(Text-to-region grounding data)
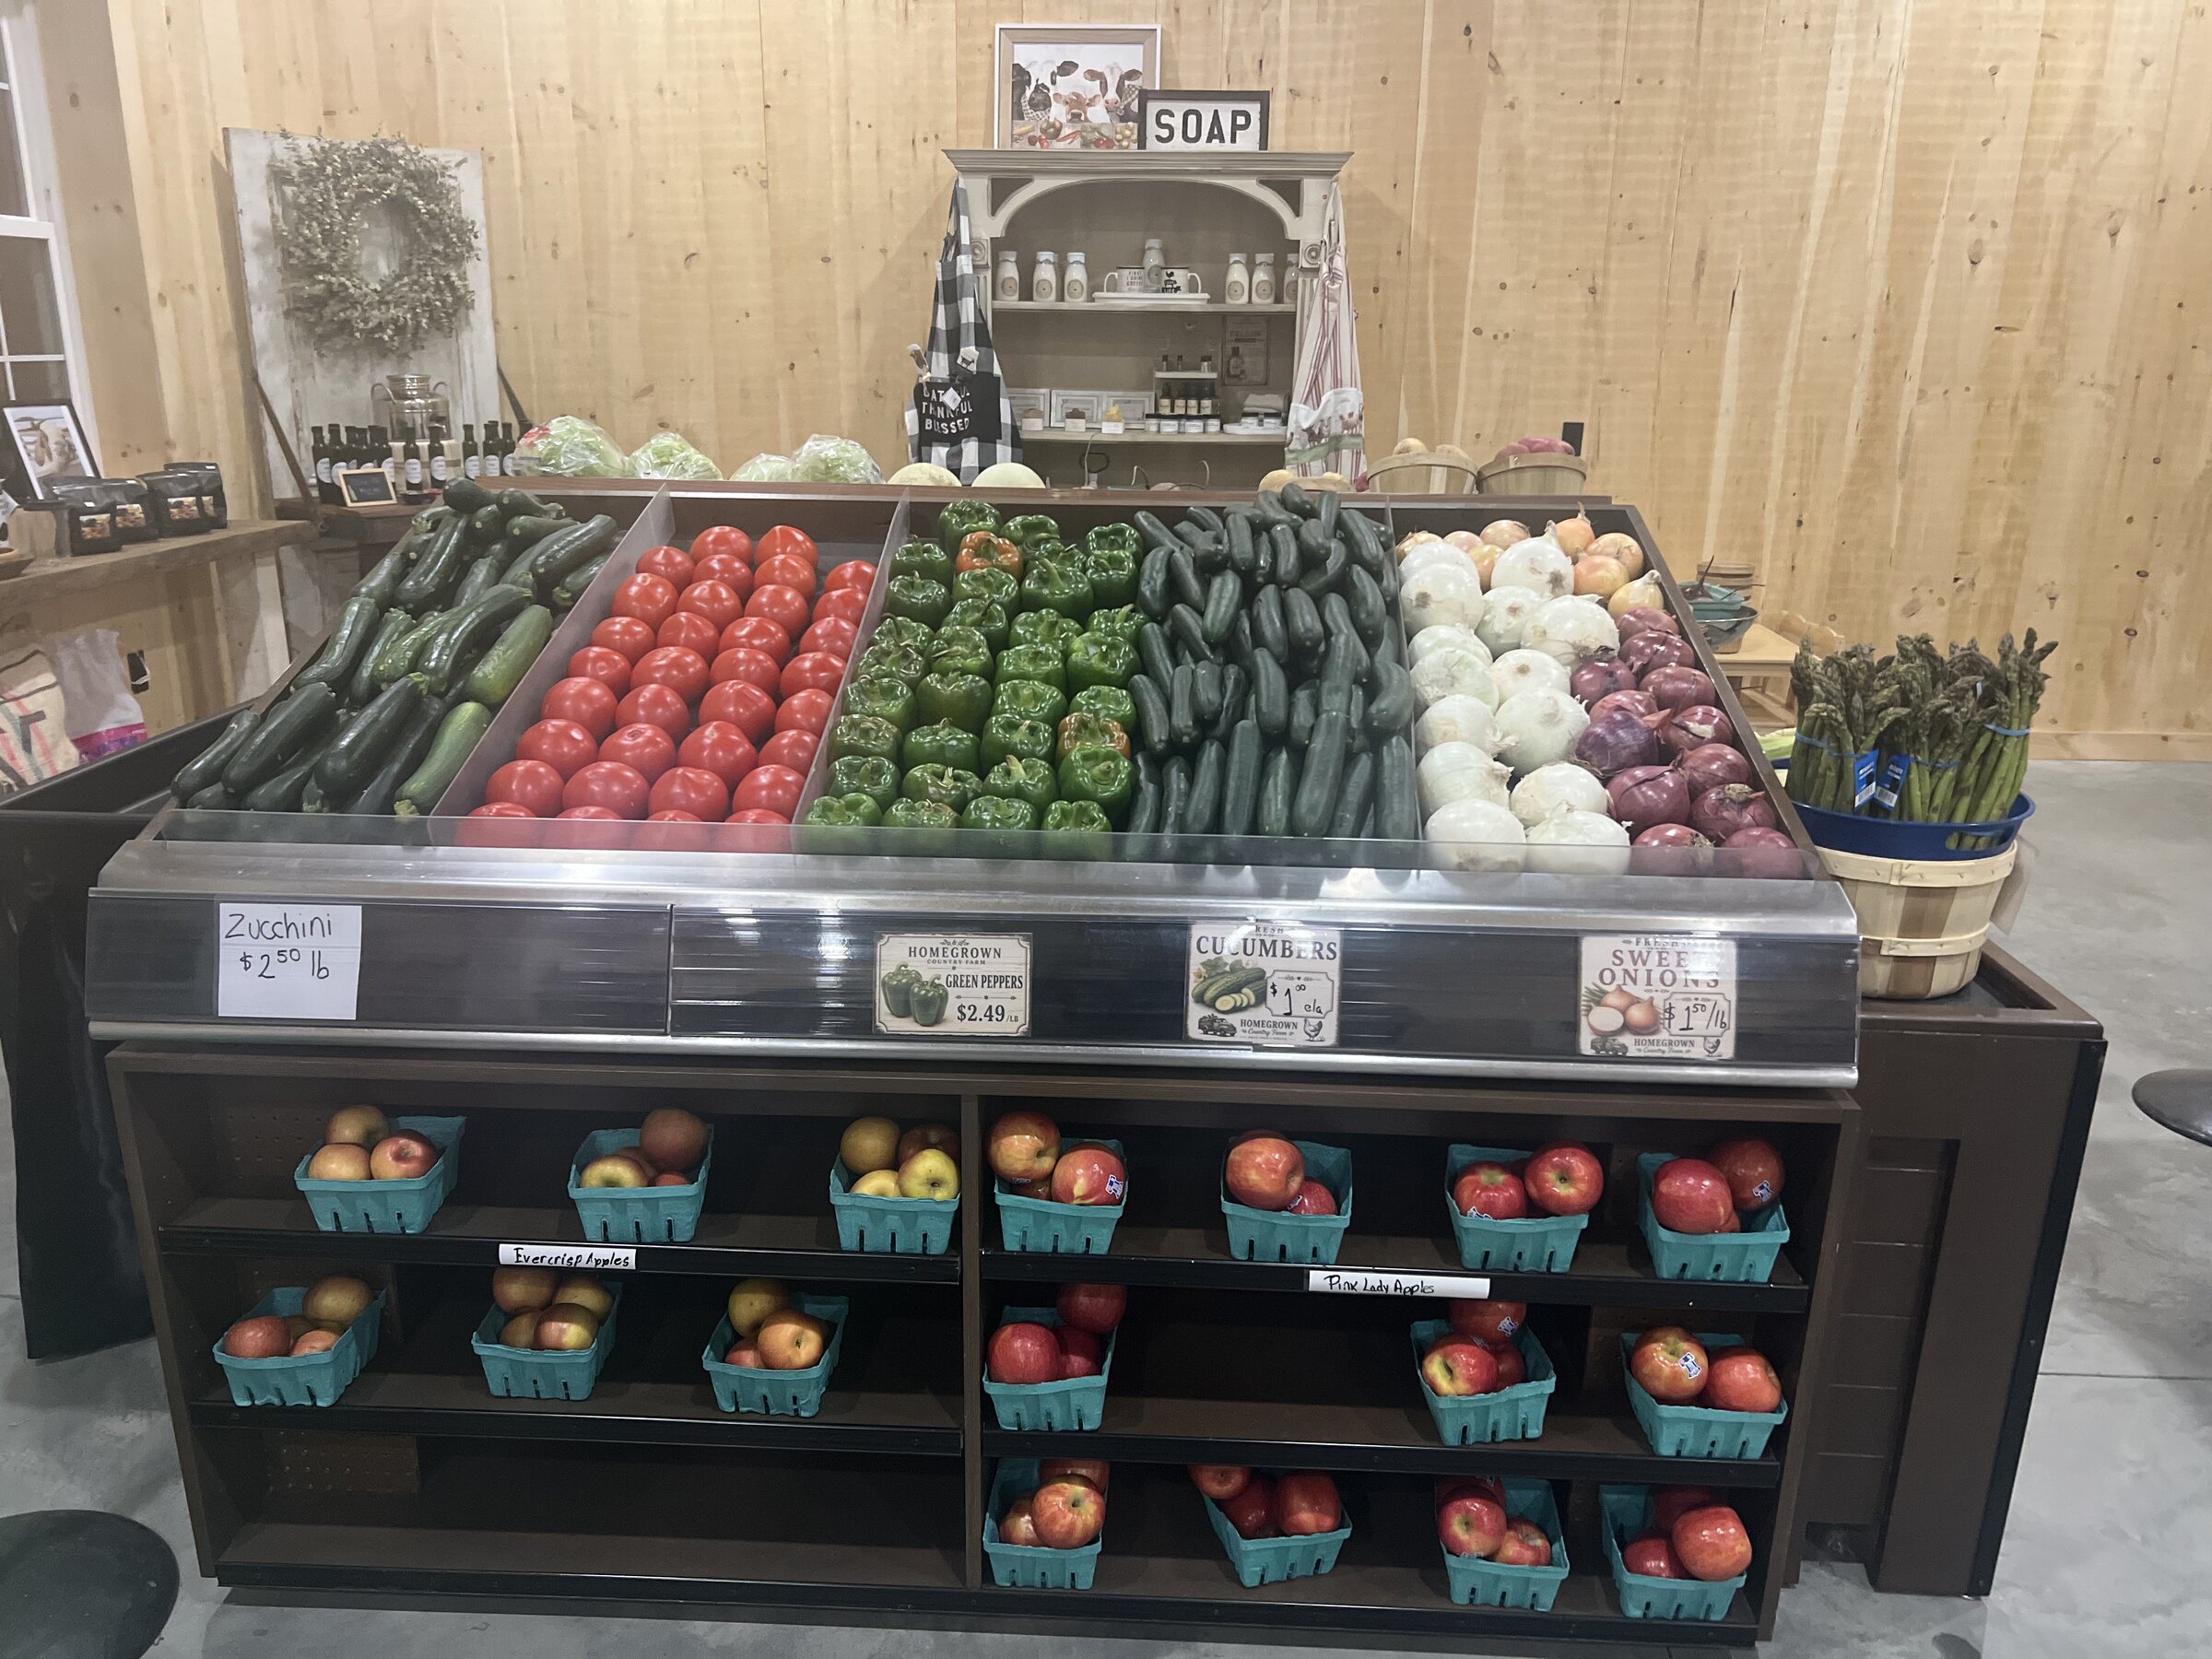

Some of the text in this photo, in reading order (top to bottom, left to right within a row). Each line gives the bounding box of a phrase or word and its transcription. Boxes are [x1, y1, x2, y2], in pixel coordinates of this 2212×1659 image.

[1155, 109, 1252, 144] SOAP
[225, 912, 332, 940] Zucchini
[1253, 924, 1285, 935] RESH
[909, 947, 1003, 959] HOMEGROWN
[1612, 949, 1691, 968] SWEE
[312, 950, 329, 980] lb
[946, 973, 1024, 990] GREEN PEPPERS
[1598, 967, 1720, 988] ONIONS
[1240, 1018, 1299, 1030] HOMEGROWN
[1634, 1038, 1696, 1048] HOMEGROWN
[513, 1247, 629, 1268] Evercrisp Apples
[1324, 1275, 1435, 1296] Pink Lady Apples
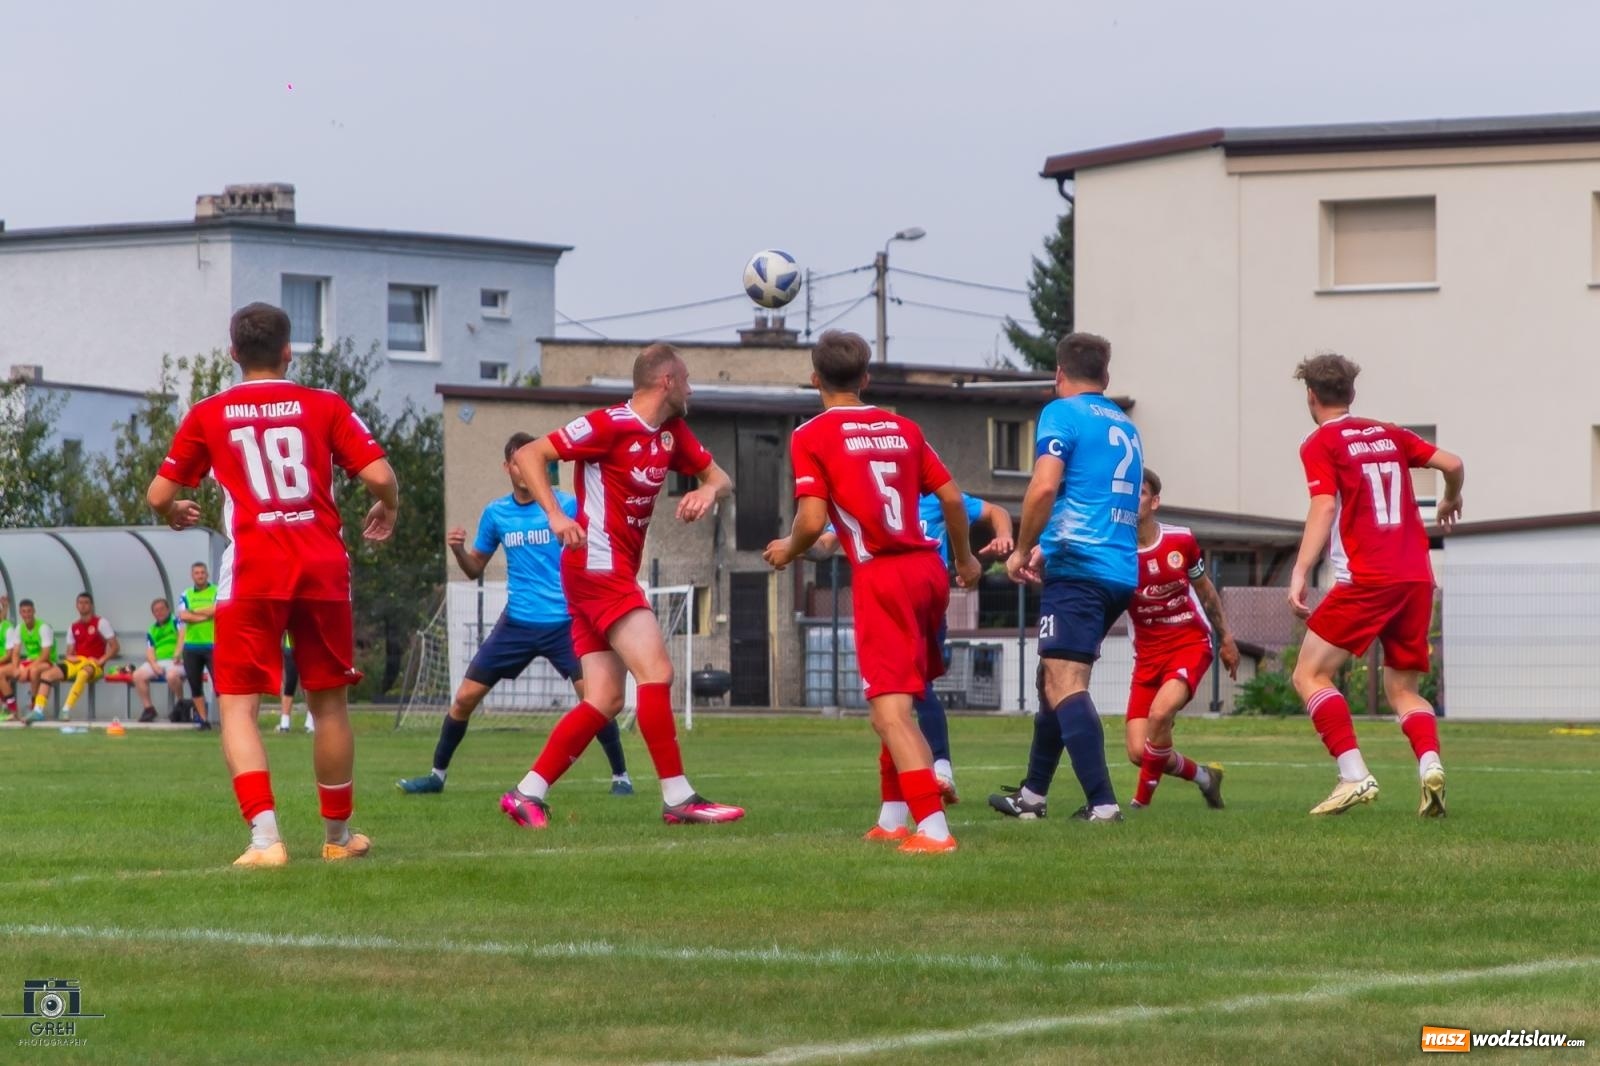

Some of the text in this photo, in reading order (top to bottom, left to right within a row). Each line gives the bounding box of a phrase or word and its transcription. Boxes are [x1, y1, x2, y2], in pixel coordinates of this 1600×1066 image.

AIM OF THE TASK>
Quote the entries above word for word. Leave the images out.

FINISHED EXERCISE>
Some of the text in this photo, in reading order (top to bottom, left to right within a row). Each line gives the bounding box of a phrase or word and its transcription. Boxes are [x1, y1, x2, y2], in pixel coordinates of this 2212×1659 image.

[1155, 109, 1252, 144] SOAP
[225, 912, 332, 940] Zucchini
[1253, 924, 1285, 935] RESH
[909, 947, 1003, 959] HOMEGROWN
[1612, 949, 1691, 968] SWEE
[312, 950, 329, 980] lb
[946, 973, 1024, 990] GREEN PEPPERS
[1598, 967, 1720, 988] ONIONS
[1240, 1018, 1299, 1030] HOMEGROWN
[1634, 1038, 1696, 1048] HOMEGROWN
[513, 1247, 629, 1268] Evercrisp Apples
[1324, 1275, 1435, 1296] Pink Lady Apples

Some of the text in this photo, in reading order (top to bottom, left to right within a row). Each line gives the bounding box of a phrase or word and its transcription. Boxes are [x1, y1, x2, y2], in pixel coordinates of this 1600×1066 image.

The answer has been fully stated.